The excess of DOC may be also a primary driver of coral-microbial interactions. As a matter of fact, it can increase microbial growth on the corals, which in turn can cause hypoxia and presumably the coral mortality. Moreover, the observed ten-fold increase in potential pathogenic bacteria on Kiritimati, could be caused either by an increased input of human and animal pathogens from land or by the increase in algal-derived DOC (either by stimulating the growth of pathogens or by promoting algal-associated pathogenic communities). Whatever the source is, this increase in pathogenic bacteria, may easily explaine the increased coral mortality observed on Kiritimati.

Another options proposed by the authors, it that a recent bleaching event killed the corals, and then algae could have colonized the area.

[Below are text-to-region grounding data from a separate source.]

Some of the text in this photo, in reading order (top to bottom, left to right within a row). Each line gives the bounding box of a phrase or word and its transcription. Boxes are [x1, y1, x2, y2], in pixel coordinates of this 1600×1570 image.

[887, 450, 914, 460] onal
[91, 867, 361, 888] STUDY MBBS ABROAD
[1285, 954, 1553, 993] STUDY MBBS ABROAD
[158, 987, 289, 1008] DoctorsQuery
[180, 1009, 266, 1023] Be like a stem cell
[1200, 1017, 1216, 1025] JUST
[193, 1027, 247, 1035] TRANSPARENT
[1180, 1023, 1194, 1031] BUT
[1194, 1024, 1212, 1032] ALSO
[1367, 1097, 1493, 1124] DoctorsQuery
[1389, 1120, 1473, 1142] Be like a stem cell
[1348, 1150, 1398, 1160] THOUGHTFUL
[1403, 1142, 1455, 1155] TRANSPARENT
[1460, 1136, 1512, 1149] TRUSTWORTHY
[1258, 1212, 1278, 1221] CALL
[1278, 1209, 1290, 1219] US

In this case the microbial mechanisms discussed above could help prevent recolonization by corals. The most plausible hypothesis, however, is that overfishing removes both predatory and herbivorous fish. Loss of the herbivorous fish results in higher algal growth, which leads in turn, to an increase in DOC which can supports more heterotrophic and pathogenic microbes, probably the main responsible of coral death (either as primary causes or as opportunistic pathogens that kill the weakened bleached corals). Whichever the correct hypotesis is, it's clear that marine microbes play a key role in the complex feedback mechanism between humans, fish, algae and corals that clearly requires further investigations.

Reference:

Dinsdale E.A., Pantos O., Smriga S., Edwards R.A., Angly F., Wegley L., Hatay M., Hall D., Brown E., Haynes M., Krause L., Sala E., Sandin S.A., Thurber R.V., Willis B.L., Azam F., Knowlton N., Rohwer F., (2008). Microbial ecology of four coral atolls in the Northern Line Islands. PLoS One 3:e1584.